March 14, 2011

Because I need to distract my mind

I am reading twitter and FB and other feeds. I am waiting for a call back from my vet about Streak's condition. Just not sure what to expect.

But I saw a couple of news items in the last few days that deserve comment, and by comment I mean outrage. I am still peeved at the Republicans for threatening to force a catastrophic credit default out of purely political reasons, and because they really hate our social safety net. Let me say it very clearly. If you are not willing to consider taxing Warren Buffett and his colleagues a little more (no one is talking about 60% taxation--not even close) but only want to cut programs for the poor--you are not a serious person and should not be involved in a democracy. We can talk about cuts. Hell, there are many programs that I would love to see cut--like sugar and oil subsidies. But if we are going to talk cuts, we have to talk tax increase as well.

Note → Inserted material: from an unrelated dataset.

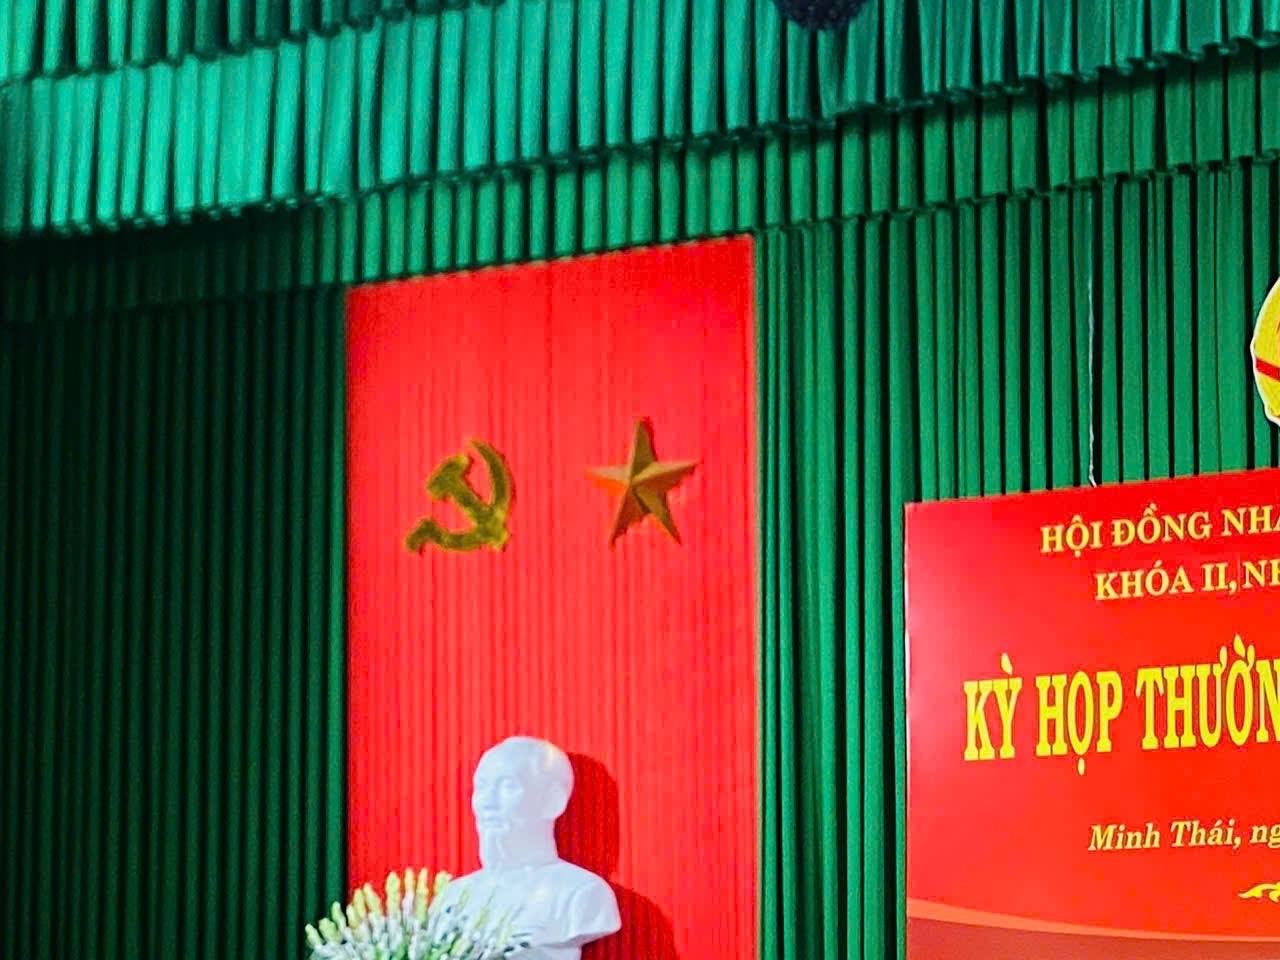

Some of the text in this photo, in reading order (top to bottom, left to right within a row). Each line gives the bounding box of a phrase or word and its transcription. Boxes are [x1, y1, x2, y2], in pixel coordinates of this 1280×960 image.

Speaking of cuts, check out this NH GOP State Congressman who says that mentally ill and disabled people are "defective" and should be shipped to Siberia. Of course this is an extreme position, and one that undoubtedly will get criticism from the left and right. But we should note that while most Republicans certainly would not say this, their policies are essentially stating it. When you refuse to raise Warren Buffett's taxes even by 3% but are more than willing to cut programs for the disabled and mentally ill, you are demonstrating your priorities. And those priorities demonstrate little concern for the neediest of our society. And great value for those who are already very comfortable.

And this poll that suggests that I am not completely wrong when I suggest that many conservative Christians are far more "conservative" than "Christian." Turns out that despite serial adultery and abandoning a wife struggling with cancer and then saying that he was so focussed on serving his country that he had affairs, Newt Gingrich is still more popular among conservative evangelicals than Obama. Don't ever tell me again that they vote by "the book," or that they vote "moral values." That is an out and out lie. Perhaps they truly believe that they are voting for morality, but this demonstrates that the polling showing support for torture is not an outlier. People who read the Bible on a daily basis (according to them) can still support torture and favor Gingrich? Of course you can, if what you really value is lower taxes and reduced funding for programs that serve the poor. But don't dare tell me that the impulse comes from anything remotely Christian.


Ken Summerlin said...

Like you, I struggle with my Christian brothers and sisters who claim to match their political positions with their faith when they support the likes of Gingrich, cutting taxes for the wealthiest Americans and cutting services to the poorest among us. I completely agree with your suggestion that "many conservative Christians are far more 'conservative' than 'Christian'."

Streak said...

Thanks for the comment, Ken. What is your explanation for this phenomenon?

steves said...

I don't know if it is possible to completely reconcile Christianity with either major political party. I think people generally focus in on a few key issues or just focus on the religious texts that support what the already believed politically. I occasionally post on a Christian forum that is fairly diverse, though mostly conservative. Gingrich came up in a post. I fully expected to see some defenders, but there was not a single person that said they would vote for him. Most seemed to feel his excuse was weak.

I noticed that the NH congressman has resigned.

Streak said...

Actually, Steve, I am not sure the question is whether or not Christianity can be reconciled completely with either party, but the fact that the Christians we are talking about support and defend issues that are clearly against their own faith.

I think Gingrich is sunk too, and actually think that he and Palin and Huckabee have discovered that hovering around as a possible candidate is a very lucrative job. Not sure either one of them actually wants the actual "job." And many Christians might look through him now, but still prefer him to Obama. Why? Clearly not because of morality.

And I am glad that NH congressman has resigned. Now if the rest of the GOP would explain why they are doing the same thing he defended.

Ken Summerlin said...

Streak, I don't have a good answer for why some conservative Christians are more conservative than Christian. I sometimes wonder if they think that their Christianity somehow validates or justifies their conservatism when they can't otherwise justify or validate their positions. I also think that that we have allowed our American patriotism to morph into some kind of pseudo-Christianity, blurring the lines between what is our faith and what are our core beliefs. The scriptures are challenging to interpret, no doubt but I have never heard a scriptural justification for some of the political positions of some of my Christian friends. As a committed Christian myself, I, too struggle with applying some of Jesus' teaching in my life. What he calls us to is sometimes contradictory to the American values of independence and fair play. It's a good thing that God did not stop with simply being a God of justice, else all of us would be doomed to separation from him. I, for one, am thankful that he is also a loving, forgiving and compassionate God. If he were not, you and I would be hopeless and helpless.